== Task brief ==
Exclude any images and output the remaining records exactly.

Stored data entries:
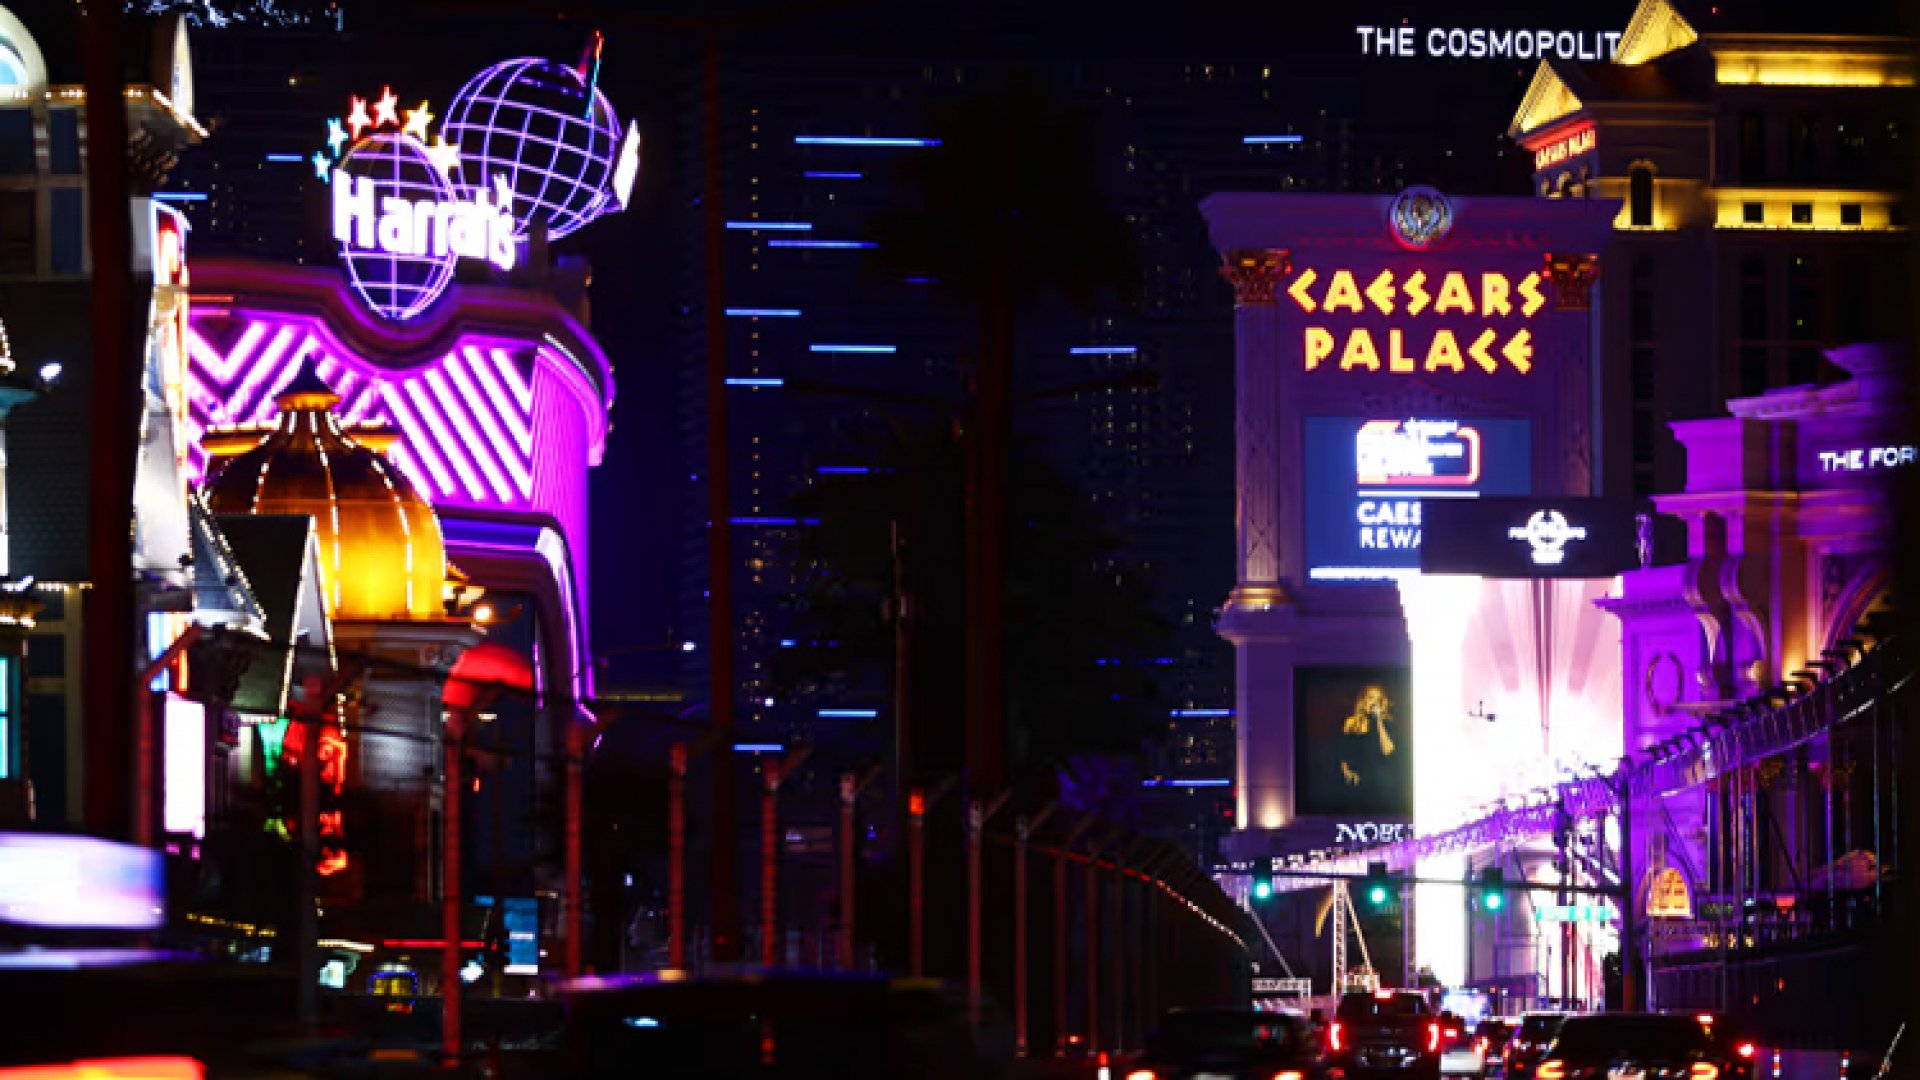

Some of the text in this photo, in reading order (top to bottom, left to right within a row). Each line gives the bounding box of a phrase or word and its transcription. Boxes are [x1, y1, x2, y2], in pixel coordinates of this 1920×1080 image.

[1356, 25, 1622, 60] THE COSMOPOLIT
[1288, 267, 1547, 317] CAESARS
[1304, 326, 1534, 375] PALACE
[1818, 449, 1864, 472] THE
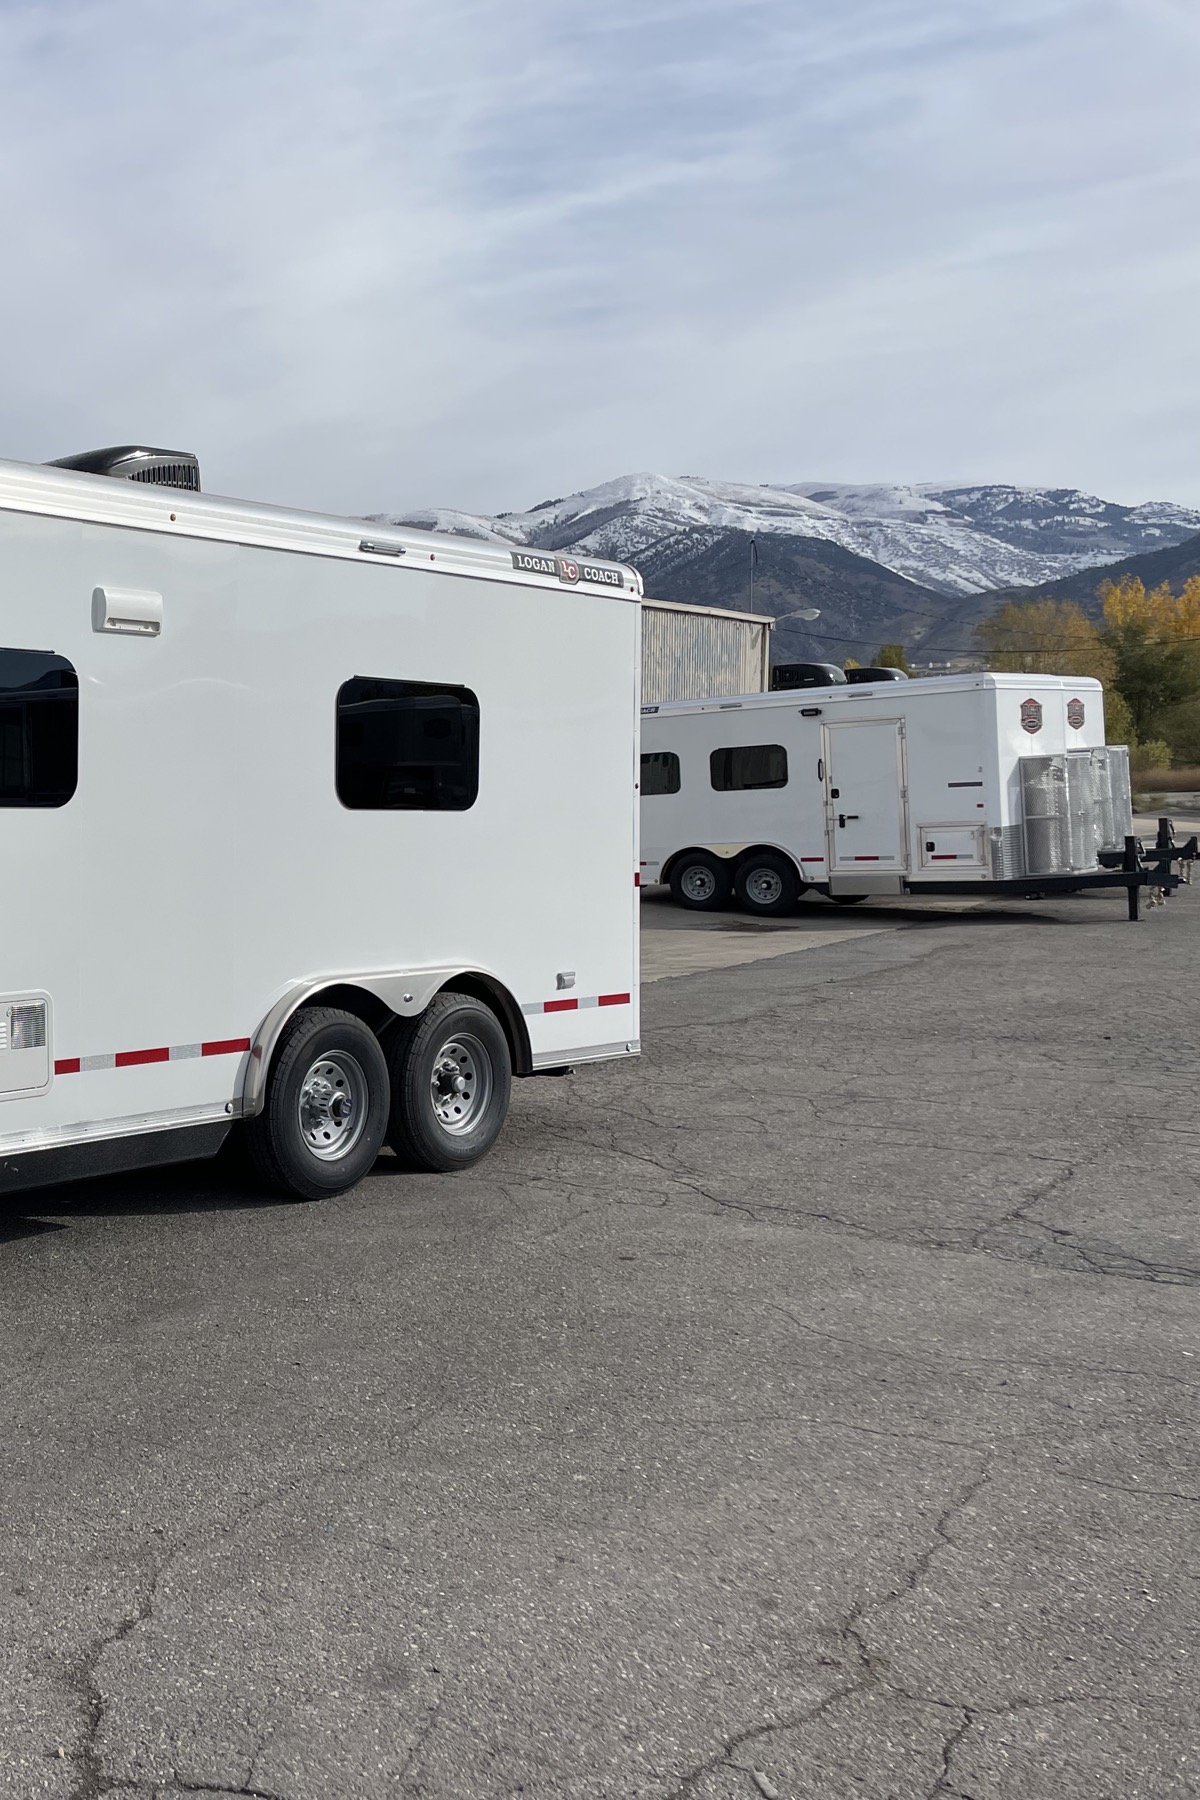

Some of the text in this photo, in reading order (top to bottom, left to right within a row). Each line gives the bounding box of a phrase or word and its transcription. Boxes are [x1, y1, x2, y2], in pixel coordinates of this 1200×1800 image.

[517, 555, 619, 584] LOGAN LC COACH
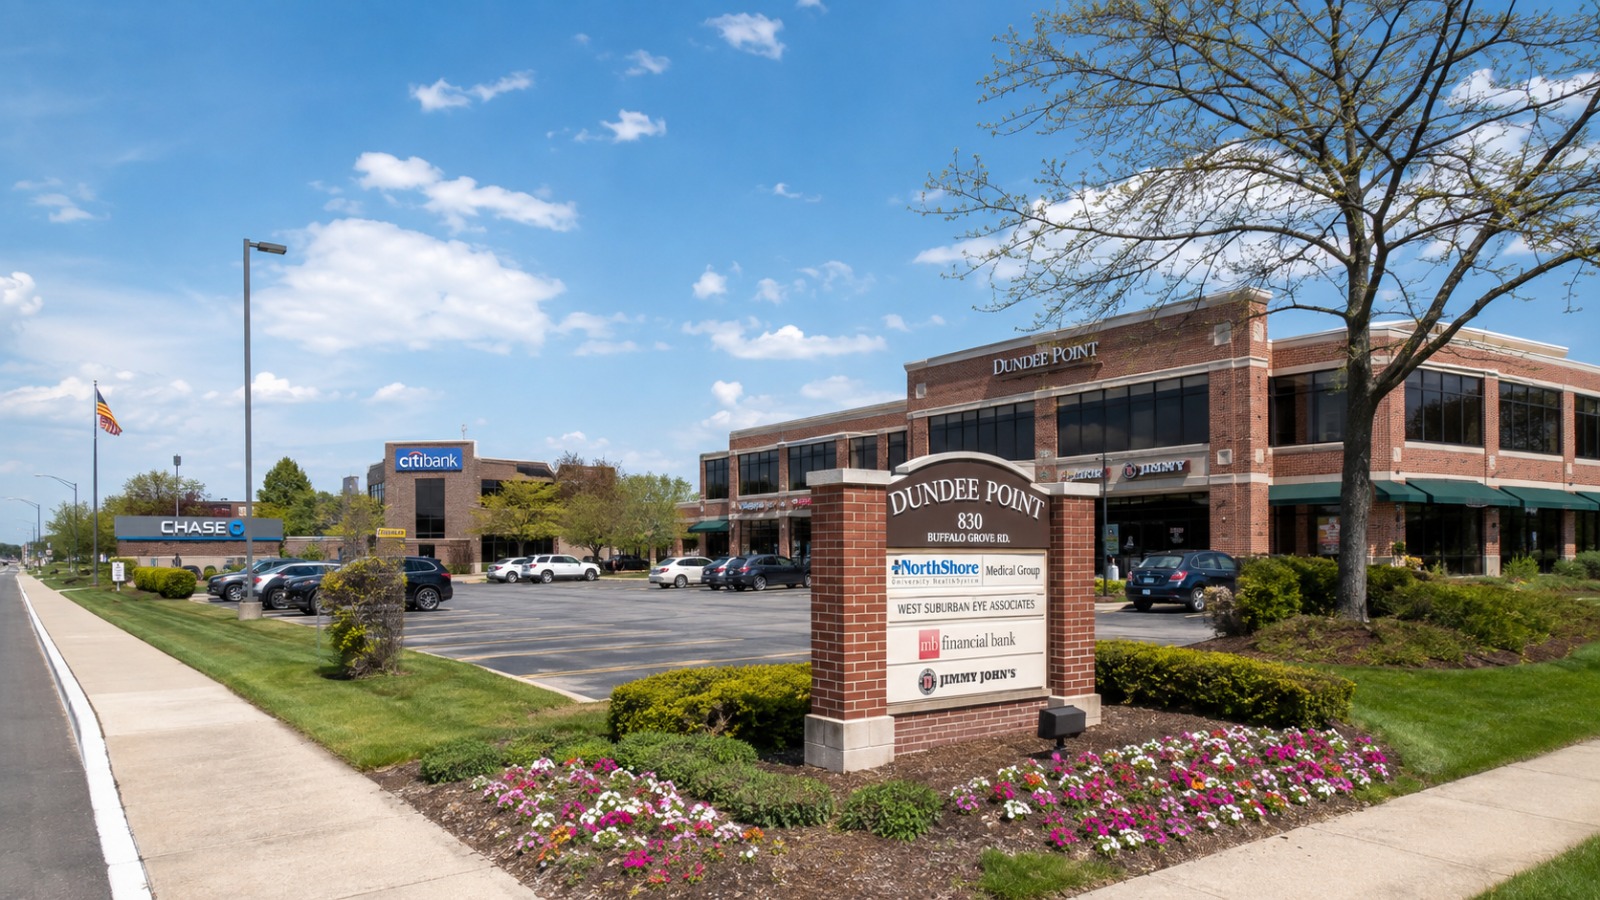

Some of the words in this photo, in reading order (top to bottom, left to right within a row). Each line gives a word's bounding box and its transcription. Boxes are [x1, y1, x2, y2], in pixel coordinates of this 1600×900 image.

== Answer area ==
Some of the text in this photo, in reading order (top to bottom, left to right within a row). Each line gives the bounding box of a phrase or word and its transcription. Boxes are [x1, y1, x2, y2], in pixel coordinates of this 1920×1080 image.

[1356, 25, 1622, 60] THE COSMOPOLIT
[1288, 267, 1547, 317] CAESARS
[1304, 326, 1534, 375] PALACE
[1818, 449, 1864, 472] THE

Some of the text in this photo, in reading order (top to bottom, left to right within a row). Each line gives the bounding box of a phrase or word and its transcription. Boxes are [x1, y1, x2, y2], in pixel coordinates of this 1200×1800 image.

[517, 555, 619, 584] LOGAN LC COACH

Some of the words in this photo, in reading order (top to bottom, left to right within a row). Each line gives a word's bounding box and its transcription. Boxes are [x1, y1, x2, y2], in pixel coordinates of this 1600×900 image.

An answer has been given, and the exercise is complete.